Le thé noir était savoureux, il me faudrait un voyage en Turquie pour en boire un d’aussi bonne qualité. J’étais agréablement surpris, c’était simple mais terriblement bon : je remerciai Samvel de m’avoir amené ici, mais cette fois-ci je lui dis que je voulais participer et payer. Il accepta mais m’annonça que c’était déjà fait, il avait donné une liasse de billets dès notre arrivée. Je n’avais qu’un billet de 10 dollars que je lui remis de force, et qu’il prit, bien sûr… Samvel donna une liasse supplémentaire au gars contre des bocaux de madzoune et du lavach’, j’étais satisfait.

Une question me taraudait l’esprit : où faisait-il son fromage ? 

-          Là, dans l’évier ! répondit Samvel.

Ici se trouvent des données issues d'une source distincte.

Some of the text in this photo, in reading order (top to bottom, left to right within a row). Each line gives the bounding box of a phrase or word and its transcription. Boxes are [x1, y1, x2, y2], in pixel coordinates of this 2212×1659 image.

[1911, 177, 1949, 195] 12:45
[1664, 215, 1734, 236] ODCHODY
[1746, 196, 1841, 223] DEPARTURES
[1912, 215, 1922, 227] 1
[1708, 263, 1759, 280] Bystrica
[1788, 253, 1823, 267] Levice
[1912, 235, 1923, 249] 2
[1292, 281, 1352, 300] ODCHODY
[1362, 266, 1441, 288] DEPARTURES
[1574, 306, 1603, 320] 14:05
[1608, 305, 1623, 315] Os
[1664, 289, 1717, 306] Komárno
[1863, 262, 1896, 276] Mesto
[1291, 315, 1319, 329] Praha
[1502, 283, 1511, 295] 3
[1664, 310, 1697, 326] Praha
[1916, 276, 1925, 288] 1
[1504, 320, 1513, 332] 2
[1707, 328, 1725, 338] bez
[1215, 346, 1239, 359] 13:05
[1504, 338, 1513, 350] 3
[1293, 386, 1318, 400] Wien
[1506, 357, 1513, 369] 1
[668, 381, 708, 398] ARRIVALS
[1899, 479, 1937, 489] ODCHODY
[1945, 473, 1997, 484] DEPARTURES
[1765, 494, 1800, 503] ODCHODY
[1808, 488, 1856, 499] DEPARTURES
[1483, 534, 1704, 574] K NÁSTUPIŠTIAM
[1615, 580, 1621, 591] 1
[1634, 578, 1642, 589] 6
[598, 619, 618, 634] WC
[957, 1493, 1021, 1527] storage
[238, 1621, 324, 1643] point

L’espace d’une seconde, je regrettai de l’avoir absorbé. Aucun contrôle sanitaire, rien qui me prouvait qu’il n’y avait pas de bactéries tueuses, juste une bassine et un linge filtrant. Samvel vit ma tête qui s’inquiétait.

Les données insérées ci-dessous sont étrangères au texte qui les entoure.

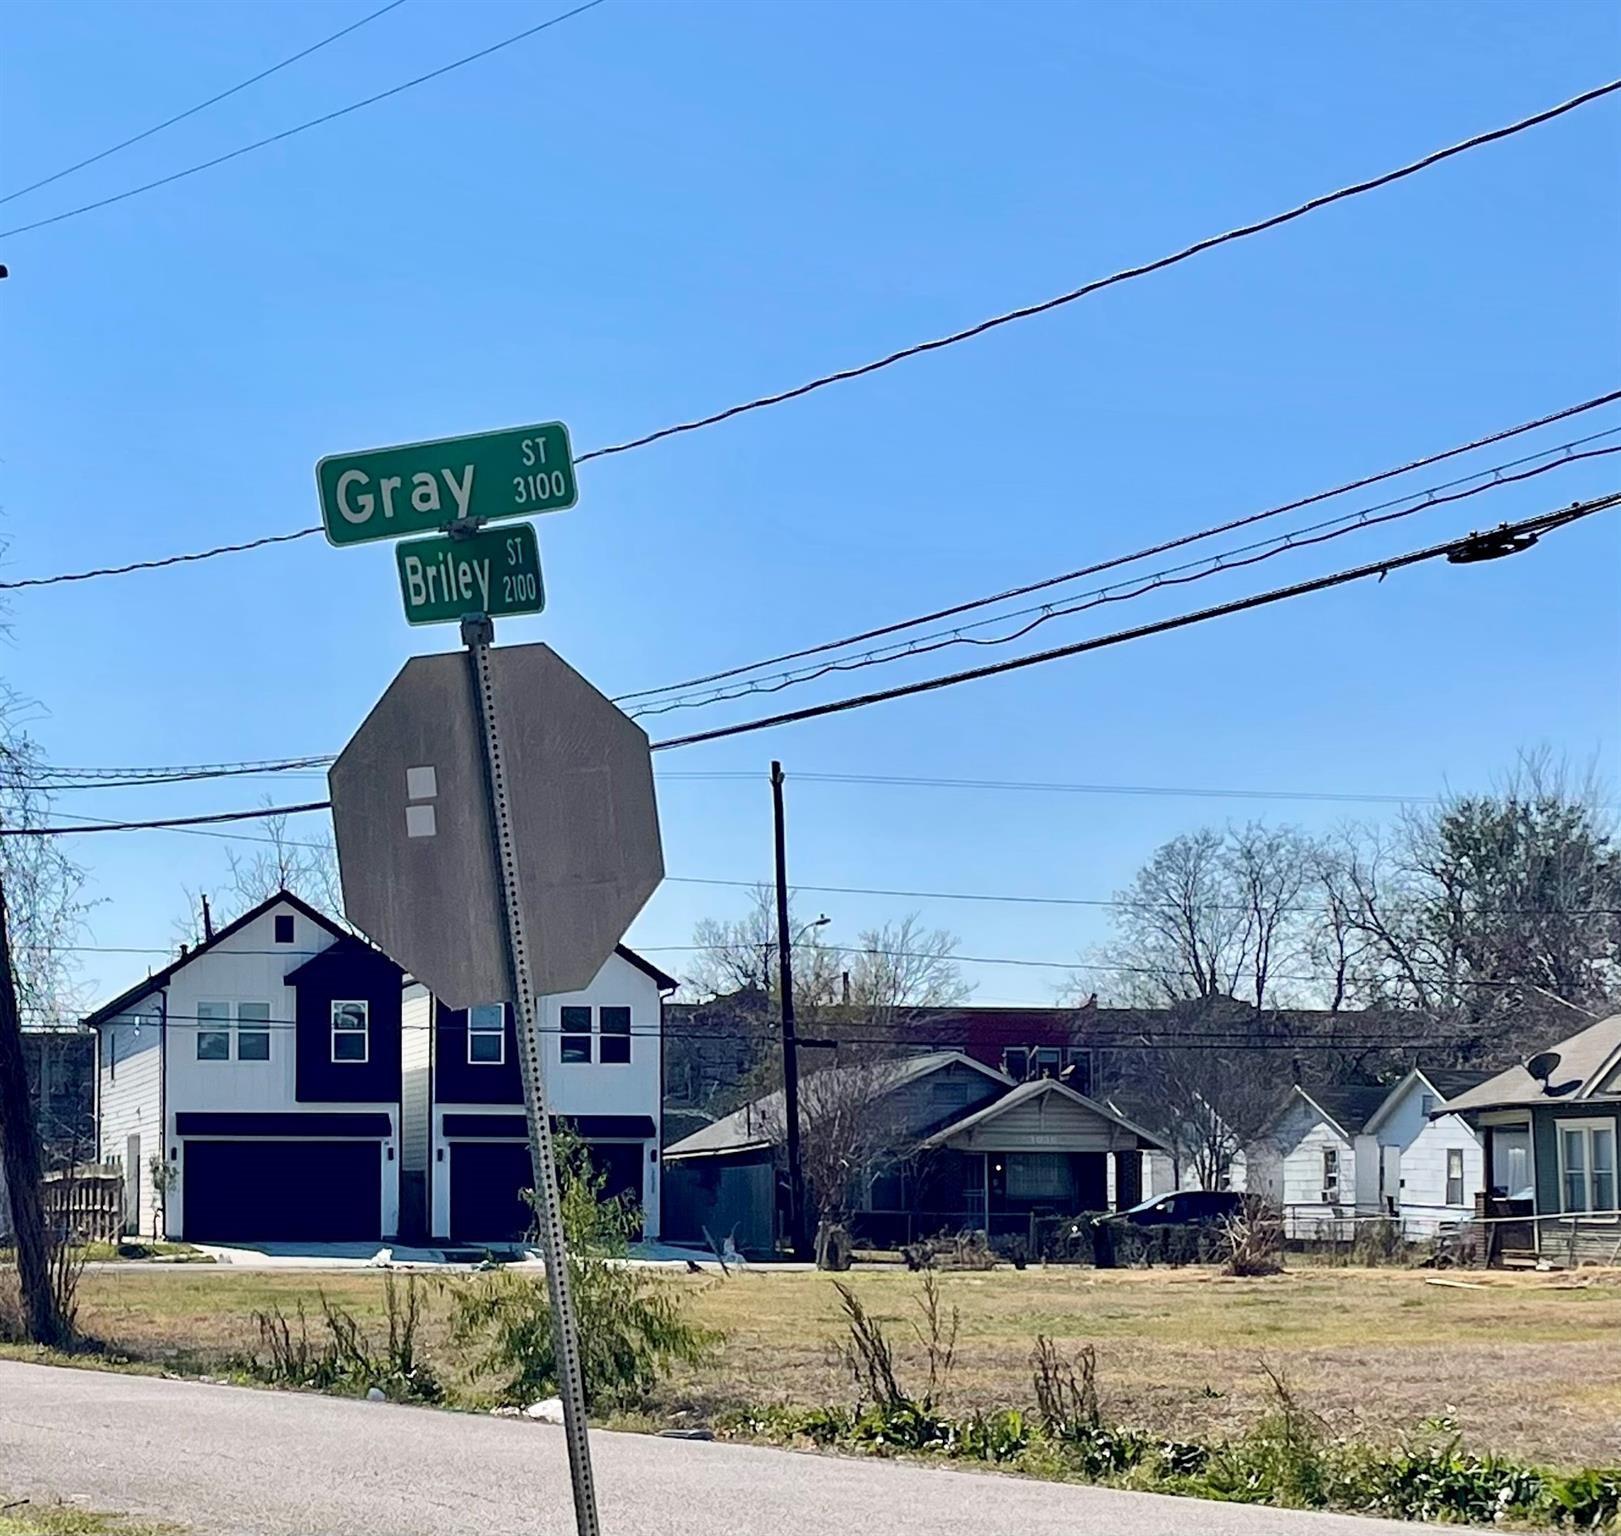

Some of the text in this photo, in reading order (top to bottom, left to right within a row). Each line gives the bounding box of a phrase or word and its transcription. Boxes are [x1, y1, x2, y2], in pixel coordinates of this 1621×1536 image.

[521, 437, 547, 466] ST
[337, 465, 474, 523] Gray
[513, 471, 565, 503] 3100
[507, 537, 522, 565] ST
[405, 553, 490, 611] Briley
[503, 574, 536, 603] 2100

-          Relax, Daniel djan ! En Europe vous êtes trop compliqués. Ici, nos produits sont sains. Nos vaches ne sont jamais malades et elles donnent du bon lait. Vous pouvez boire l’eau du robinet, elle n’est pas polluée non plus. Toute ma famille mange ce madzoune depuis des générations, et personne n’est jamais tombé malade… Si vous êtes un vrai arménien, Daniel djan, pas de problème pour vous.

Samvel aurait pu faire avaler n’importe quelle couleuvre à n’importe qui. Il avait le charme et le tempérament pour qu’on l’écoute et qu’on le suive n’importe où. De toute façon, c’était trop tard, j’en avais mangé et même repris, je m’étais laissé attendrir par ce garçon aux grands yeux noirs et tristes : ça m’apprendra.

Pendant qu’on petit-déjeunait, le crachin continuait son travail de sape de la journée, il ne manquait plus que le vent. Samvel m’avait demandé de mettre un pantalon et une veste car là où on allait aujourd’hui, il ferait un peu plus froid qu’en plaine. En fait, on avait un vrai temps d’hiver, la visite du château d’Amberd s’annonçait mal.

Mais Samvel s’occupait de tout, y compris du climat. Celui-ci changea dès qu’on eut terminé de manger, un vrai miracle. La pluie avait cessé, il ne restait que le vent, mais ça allait. Ce fut le signal pour sortir du bungalow et dire au revoir à notre hôte… Le gars était très content de nous avoir reçus et d’avoir vendu tous ces bocaux. J’avais le sentiment d’avoir fait une bonne action, c’était le principal.

On remonta en voiture, direction le château. Dès le démarrage, on s’embourba. Samvel força le véhicule qui patina quelques secondes, mais finit par rouler dans cette boue. Les Lada sont vraiment tout terrain, du bon matériel. Le village se trouvait à proximité du site, on n’aurait pas à rouler très longtemps.

Le château ressemblait à ces forteresses de chevaliers qu’on voyait dans les films avec Robert Taylor dans les fifties : un décor de carton-pâte, mais plus en ruine quand même. Pendant que je faisais la visite, mon chauffeur essaya de nettoyer les giclées de boue qui avaient encrassé sa voiture. C’était bien de quitter Samvel un moment, il était très prévenant, mais collant, presque étouffant.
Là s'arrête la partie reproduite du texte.